SARS-CoV-2 neutralizing antibody epitopes are overlapping and highly mutated which raises the chances of escape variants and requires development of broadly reactive vaccines.

The rapid adaptation of SARS-CoV-2 within the host species and the increased viral transmission triggered the evolution of different SARS-CoV-2 variants. Though numerous monoclonal antibodies (mAbs) have been identified as prophylactic therapy for SARS-CoV-2, the ongoing surge in the number of SARS-CoV-2 infections shows the importance of understanding the mutations in the spike and developing novel vaccine strategies to target all variants.
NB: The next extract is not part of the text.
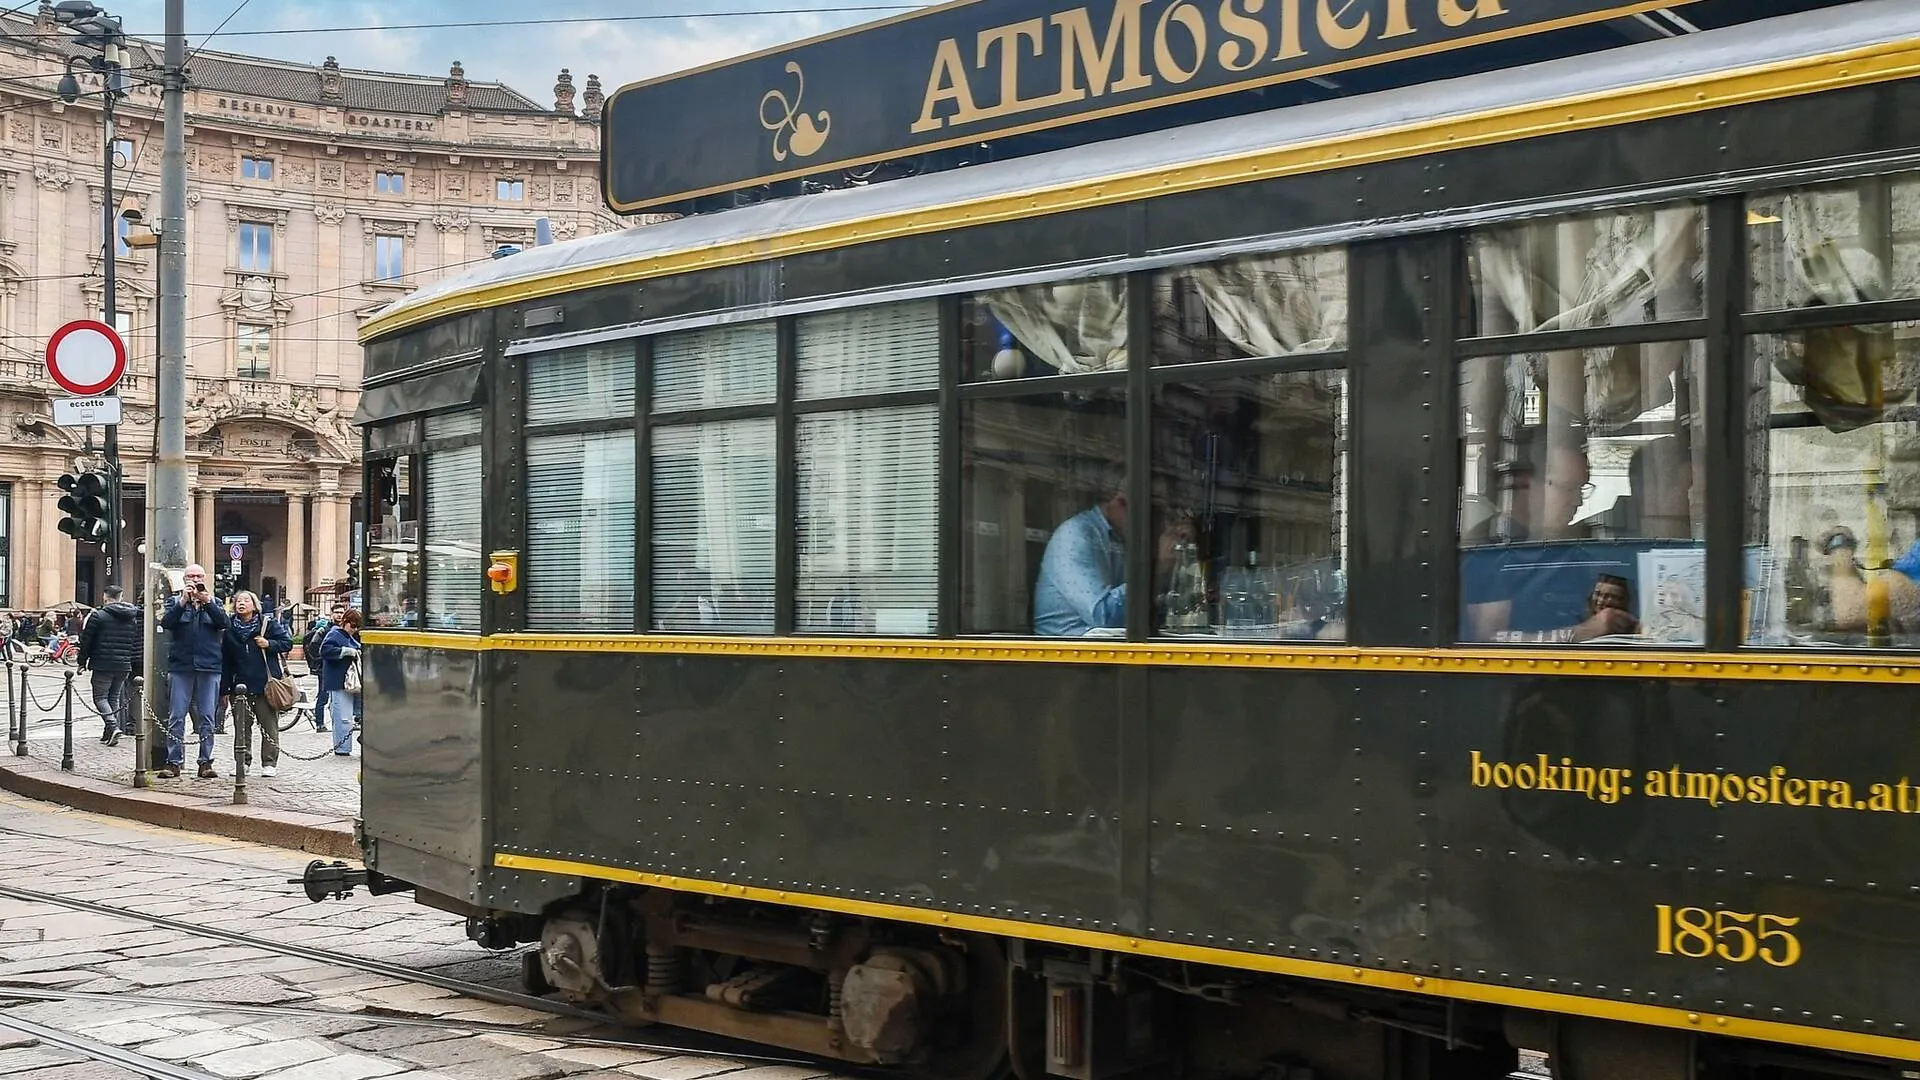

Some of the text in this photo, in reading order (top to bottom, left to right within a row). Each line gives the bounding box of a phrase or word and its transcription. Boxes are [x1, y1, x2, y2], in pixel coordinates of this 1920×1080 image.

Here, we report the map of experimentally validated 74 SARS-CoV-2 neutralizing mAb binding epitopes of all variants. The majority (87.84%) of the potent neutralizing epitopes are localized to the receptor-binding domain (RBD) and overlap with each other, whereas limited (12.16%) epitopes are found in the N-terminal domain (NTD). Notably, 69 out of 74 mAb targets have at least one mutation at the epitope sites. The potent epitopes found in the RBD show higher mutations (4-10aa) compared to lower or modest neutralizing antibodies, suggesting that these epitopes might co-evolve with the immune pressure. The current study shows the importance of determining the critical mutations at the antibody recognition epitopes, leading to the development of broadly reactive immunogens targeting multiple SARS-CoV-2 variants. Further, vaccines inducing both humoral and cell-mediated immune responses might prevent the escape of SARS-CoV-2 variants from neutralizing antibodies.